Here the job is to print all of the entries below verbatim and leave out any picture.

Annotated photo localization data
..........
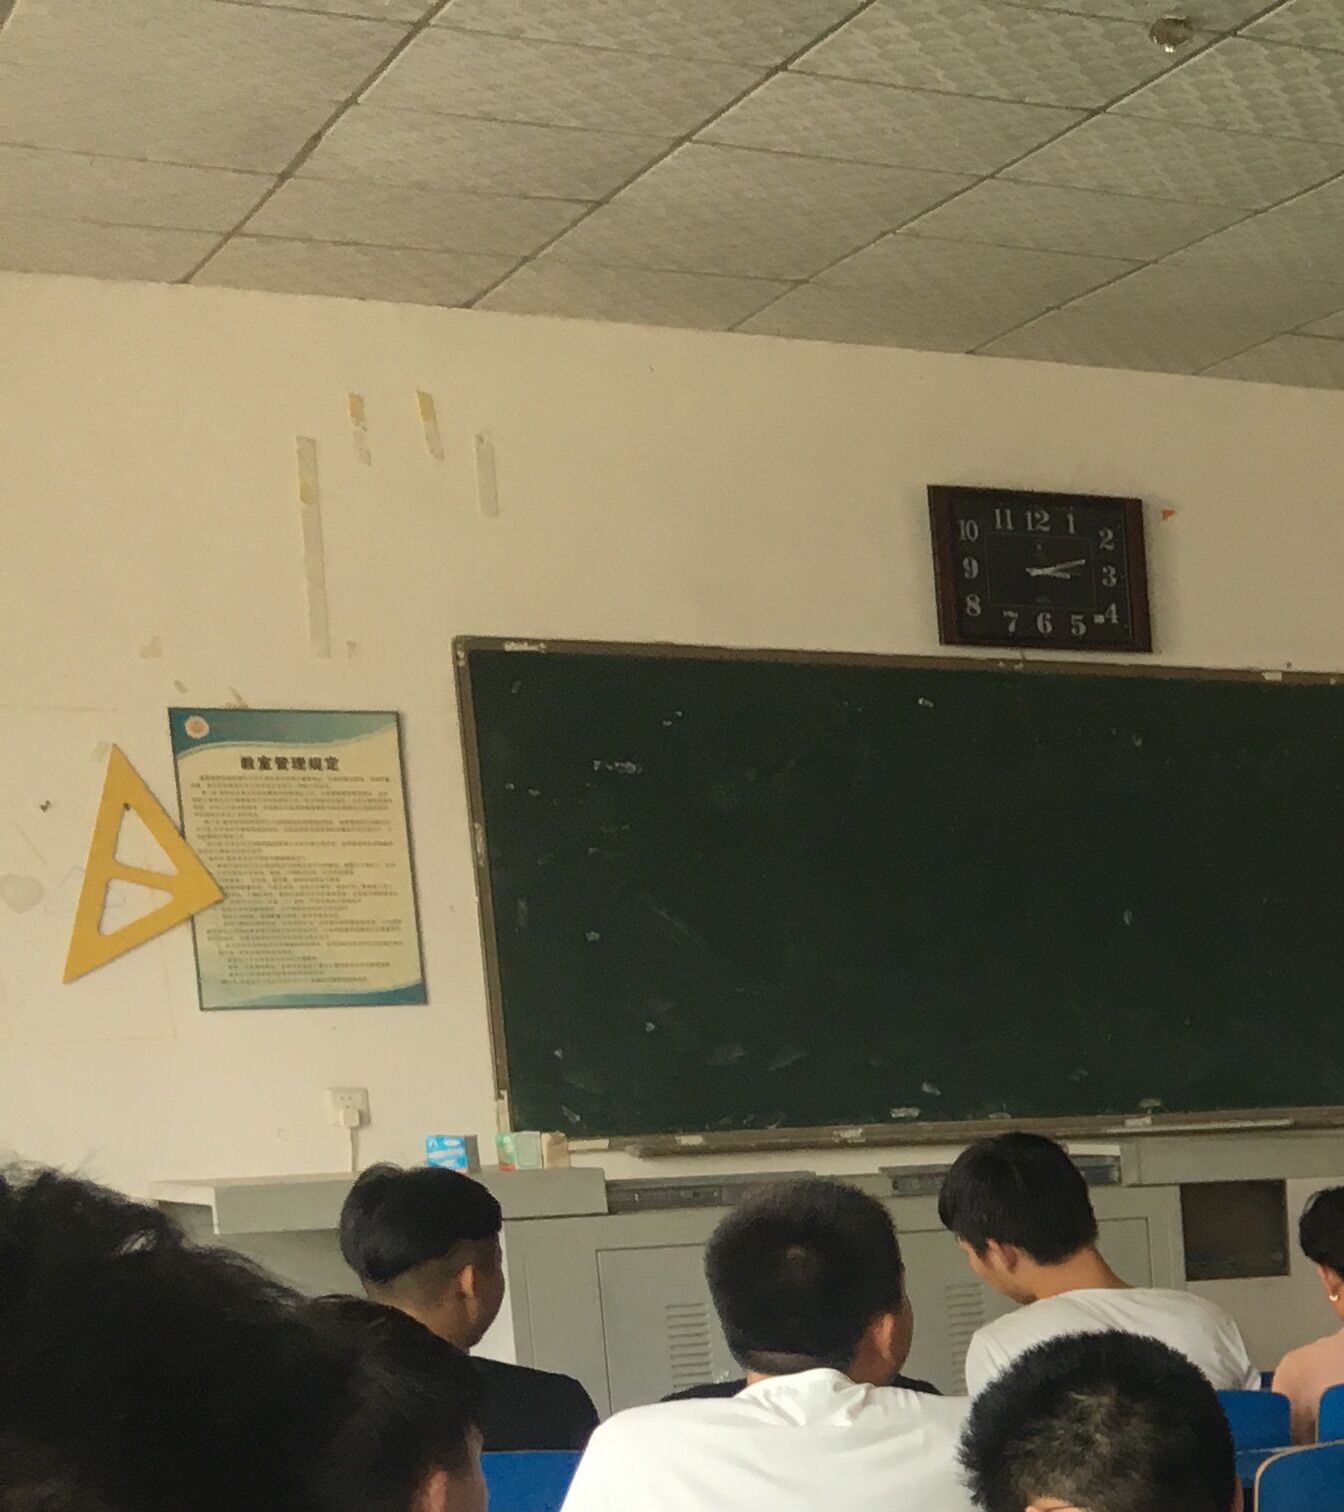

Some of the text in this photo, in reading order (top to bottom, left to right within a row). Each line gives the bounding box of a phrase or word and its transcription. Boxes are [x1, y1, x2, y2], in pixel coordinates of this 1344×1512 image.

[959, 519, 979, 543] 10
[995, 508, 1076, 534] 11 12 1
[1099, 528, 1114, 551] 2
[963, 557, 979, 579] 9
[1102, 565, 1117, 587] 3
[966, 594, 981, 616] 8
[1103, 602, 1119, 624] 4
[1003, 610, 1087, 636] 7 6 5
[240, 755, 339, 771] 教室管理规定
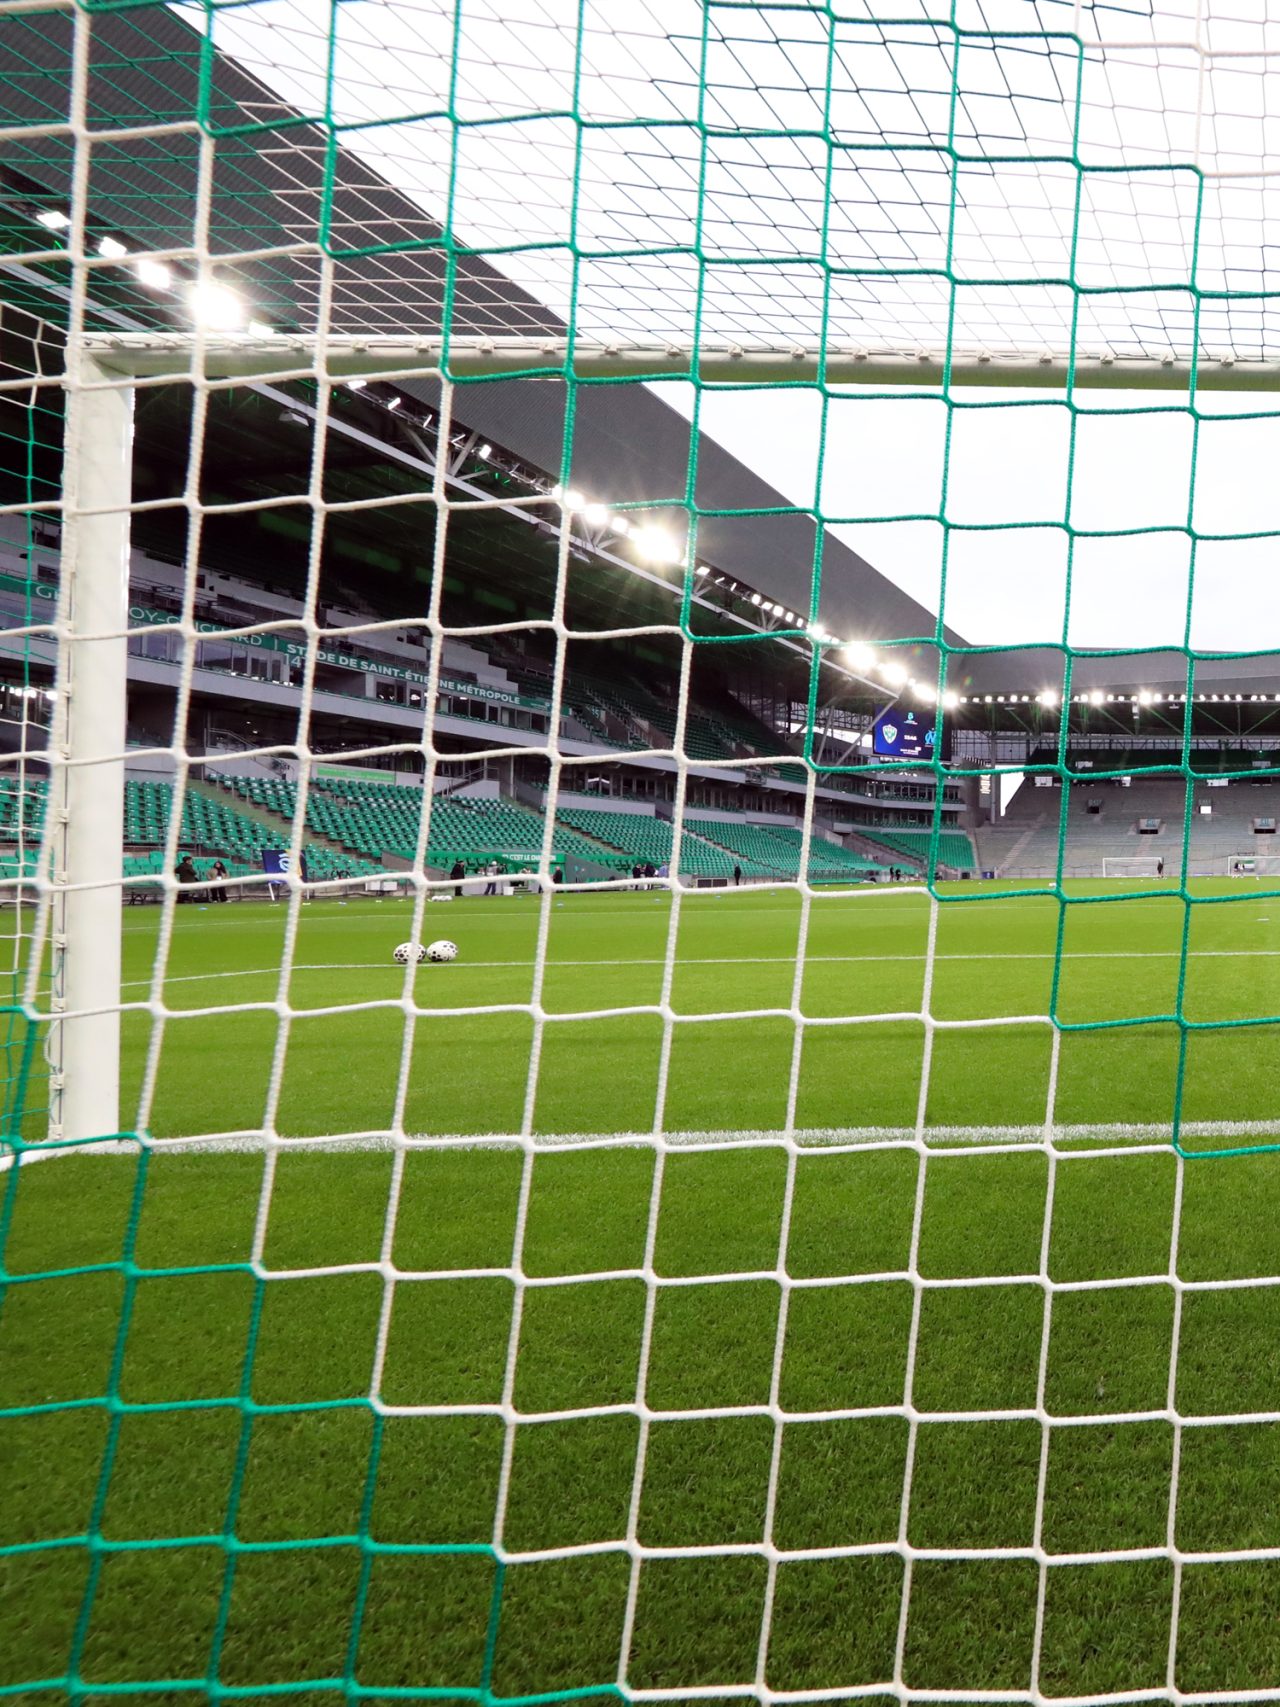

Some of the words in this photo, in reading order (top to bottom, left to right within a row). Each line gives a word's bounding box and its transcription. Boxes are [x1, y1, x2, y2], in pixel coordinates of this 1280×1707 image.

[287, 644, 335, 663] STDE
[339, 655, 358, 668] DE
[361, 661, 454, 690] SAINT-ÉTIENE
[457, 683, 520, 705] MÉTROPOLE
..........
» **Result below**
Some of the text in this photo, in reading order (top to bottom, left to right within a row). Each line gives the bounding box of a phrase or word and its transcription. Boxes are [x1, y1, x2, y2], in pixel coordinates of this 1344×1512 image.

[959, 519, 979, 543] 10
[995, 508, 1076, 534] 11 12 1
[1099, 528, 1114, 551] 2
[963, 557, 979, 579] 9
[1102, 565, 1117, 587] 3
[966, 594, 981, 616] 8
[1103, 602, 1119, 624] 4
[1003, 610, 1087, 636] 7 6 5
[240, 755, 339, 771] 教室管理规定

Some of the words in this photo, in reading order (top to bottom, left to right within a row). Each line gives a word's bounding box and its transcription. Boxes are [x1, y1, x2, y2], in pixel coordinates of this 1280×1707 image.

[287, 644, 335, 663] STDE
[339, 655, 358, 668] DE
[361, 661, 454, 690] SAINT-ÉTIENE
[457, 683, 520, 705] MÉTROPOLE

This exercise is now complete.